Stored data entries:
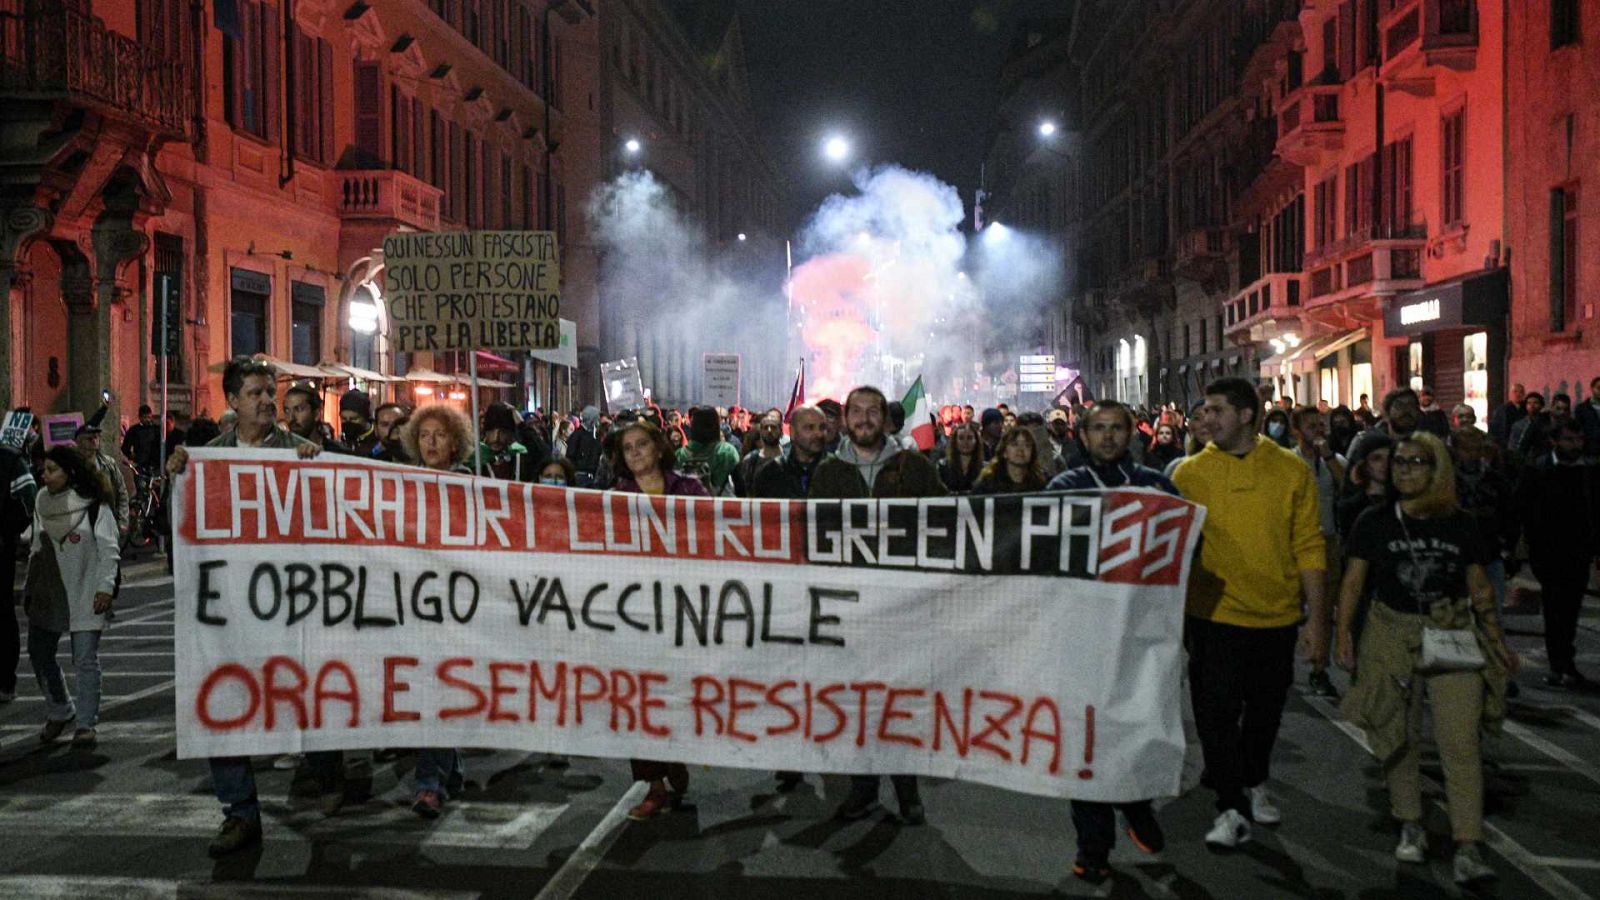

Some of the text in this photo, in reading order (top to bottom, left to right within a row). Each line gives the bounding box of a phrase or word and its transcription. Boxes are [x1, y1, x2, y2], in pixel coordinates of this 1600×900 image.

[384, 233, 558, 263] QUI NESSUN FASCISTA
[387, 261, 548, 292] SOLO PERSONE
[390, 292, 560, 321] CHE PROTESTANO
[399, 325, 439, 350] PER
[446, 322, 471, 348] LA
[195, 462, 1189, 580] LAVORATORI CONTRO GREEN PASS
[195, 559, 860, 649] E OBBLIGO VACCINALE E
[195, 655, 361, 732] ORA
[382, 656, 421, 723] E
[435, 656, 672, 738] SEMPRE

** EXERCISE **
Give every record again without changing a word. Exclude the pictures.

** RESULT OF THE TASK **
Some of the text in this photo, in reading order (top to bottom, left to right within a row). Each line gives the bounding box of a phrase or word and its transcription. Boxes are [x1, y1, x2, y2], in pixel coordinates of this 1600×900 image.

[384, 233, 558, 263] QUI NESSUN FASCISTA
[387, 261, 548, 292] SOLO PERSONE
[390, 292, 560, 321] CHE PROTESTANO
[399, 325, 439, 350] PER
[446, 322, 471, 348] LA
[195, 462, 1189, 580] LAVORATORI CONTRO GREEN PASS
[195, 559, 860, 649] E OBBLIGO VACCINALE E
[195, 655, 361, 732] ORA
[382, 656, 421, 723] E
[435, 656, 672, 738] SEMPRE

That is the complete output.